So consider this essay a postscript to that work, my perhaps belated realization that the age of acquiescence has indeed come to an end. Millions are now, of course, feeling the Bern and cheering The Donald. Maybe I should have paid more attention to the first signs of what was to come as I was finishing my book: the Tea Party on the right, and on the left Occupy Wall Street, strikes by low-wage workers, minimum- and living-wage movements, electoral victories for urban progressives, a surge of environmental activism, and the eruption of the Black Lives Matter movement just on the eve of publication.

But when you live for so long in the shade of acquiescence where hope goes to die or at least grows sickly, you miss such things. After all, if history has a logic, it can remain so deeply hidden as to be indecipherable… until it bites. So, for example, if someone had X-rayed American society in 1932, in the depth of the Great Depression, that image would have revealed a body politic overrun with despair, cynicism, fatalism, and fear—in a word, acquiescence, a mood that had shadowed the land since “Black Tuesday” and the collapse of the stock market in 1929.

Yet that same X-ray taken in 1934, just two years later, would have revealed a firestorm of mass strikes, general strikes, sit-down strikes, rent strikes, seizures of shuttered coal mines and utilities by people who were cold and lightless, marches of the unemployed, and a general urge to unseat the ancien régime; in a word, rebellion. In this way, the equilibrium of a society can shift phases in the blink of an eye and without apparent warning (although in hindsight historians and others will explore all the reasons everybody should have seen it coming).
Liberalism v. Liberalism

Anticipated or not, a new age of rebellion has begun, one that threatens the status quo from the left and the right. Perhaps its most shocking aspect: people are up in arms against liberalism.

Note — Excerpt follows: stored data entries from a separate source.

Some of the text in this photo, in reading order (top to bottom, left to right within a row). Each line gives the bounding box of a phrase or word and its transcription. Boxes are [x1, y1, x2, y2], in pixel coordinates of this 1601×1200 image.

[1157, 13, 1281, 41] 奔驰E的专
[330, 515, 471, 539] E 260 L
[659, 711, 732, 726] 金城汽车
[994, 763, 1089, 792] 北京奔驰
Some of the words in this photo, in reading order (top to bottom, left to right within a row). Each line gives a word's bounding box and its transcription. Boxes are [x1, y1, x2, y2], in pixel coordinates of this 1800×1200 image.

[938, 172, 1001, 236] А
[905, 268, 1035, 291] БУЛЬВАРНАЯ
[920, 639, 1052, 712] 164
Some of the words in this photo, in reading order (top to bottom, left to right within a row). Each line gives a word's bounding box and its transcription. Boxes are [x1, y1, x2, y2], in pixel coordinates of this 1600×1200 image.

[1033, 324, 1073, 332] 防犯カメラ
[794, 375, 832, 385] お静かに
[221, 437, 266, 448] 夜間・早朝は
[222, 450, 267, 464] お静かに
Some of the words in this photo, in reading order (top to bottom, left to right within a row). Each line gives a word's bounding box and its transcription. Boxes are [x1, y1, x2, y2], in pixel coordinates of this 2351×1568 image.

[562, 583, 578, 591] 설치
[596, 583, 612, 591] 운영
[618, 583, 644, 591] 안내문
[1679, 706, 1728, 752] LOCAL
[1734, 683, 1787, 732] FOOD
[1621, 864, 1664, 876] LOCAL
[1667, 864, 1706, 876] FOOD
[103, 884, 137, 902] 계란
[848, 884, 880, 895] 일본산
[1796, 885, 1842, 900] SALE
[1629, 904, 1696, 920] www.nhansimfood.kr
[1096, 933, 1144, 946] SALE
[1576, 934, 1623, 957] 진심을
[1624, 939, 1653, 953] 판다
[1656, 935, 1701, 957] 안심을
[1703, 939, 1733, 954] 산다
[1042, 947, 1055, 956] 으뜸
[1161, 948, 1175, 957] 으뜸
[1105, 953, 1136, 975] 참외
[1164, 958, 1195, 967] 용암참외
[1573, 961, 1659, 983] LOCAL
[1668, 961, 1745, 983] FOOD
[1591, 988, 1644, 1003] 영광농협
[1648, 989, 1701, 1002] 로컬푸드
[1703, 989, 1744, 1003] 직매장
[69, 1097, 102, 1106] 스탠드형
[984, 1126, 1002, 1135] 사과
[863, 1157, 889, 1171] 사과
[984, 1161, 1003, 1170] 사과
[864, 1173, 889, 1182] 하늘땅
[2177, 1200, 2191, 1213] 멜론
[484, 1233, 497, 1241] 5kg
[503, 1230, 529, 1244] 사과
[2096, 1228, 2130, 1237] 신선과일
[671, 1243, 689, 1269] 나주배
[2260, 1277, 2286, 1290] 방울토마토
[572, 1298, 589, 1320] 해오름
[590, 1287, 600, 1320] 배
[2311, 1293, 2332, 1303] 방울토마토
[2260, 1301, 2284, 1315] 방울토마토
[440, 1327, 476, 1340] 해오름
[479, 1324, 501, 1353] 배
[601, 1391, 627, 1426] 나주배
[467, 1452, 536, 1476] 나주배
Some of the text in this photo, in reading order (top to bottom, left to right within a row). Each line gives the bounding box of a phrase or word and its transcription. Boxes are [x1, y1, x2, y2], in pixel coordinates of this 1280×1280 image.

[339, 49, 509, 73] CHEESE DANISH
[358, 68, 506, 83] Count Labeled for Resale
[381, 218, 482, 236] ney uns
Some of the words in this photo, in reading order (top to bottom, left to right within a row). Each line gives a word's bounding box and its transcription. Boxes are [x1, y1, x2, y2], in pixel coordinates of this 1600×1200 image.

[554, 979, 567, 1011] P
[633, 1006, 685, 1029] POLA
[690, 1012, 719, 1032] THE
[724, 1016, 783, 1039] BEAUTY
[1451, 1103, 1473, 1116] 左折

That makes no sense, right? How can it, when come November the queen of liberalism will face off against the billionaire standard bearer of Republicanism? In the end, the same old same old, yes? Liberal v. conservative.

Well, not really. If you think of Hillary as the “limousine liberal” of this election season and The Donald as the right-wing “populist in pinstripes,” and consider how each of them shimmied their way to the top of the heap and who they had to fend off to get there, a different picture emerges. Clinton inherits the mantle of a liberalism that has hollowed out the American economy and metastasized the national security state. It has confined the remnants of any genuine egalitarianism to the attic of the Democratic Party so as to protect the vested interests of the oligarchy that runs things. That elite has no quarrel with racial and gender equality as long as they don’t damage the bottom line, which is after all the defining characteristic of the limousine liberalism Hillary champions. Trump channels the hostility generated by that neoliberal indifference to the well-being of working people and its scarcely concealed cultural contempt for heartland America into a racially inflected anti-establishmentarianism. Meanwhile, Bernie Sanders targets Clintonian liberalism from the other shore. Liberalism is, in other words, besieged.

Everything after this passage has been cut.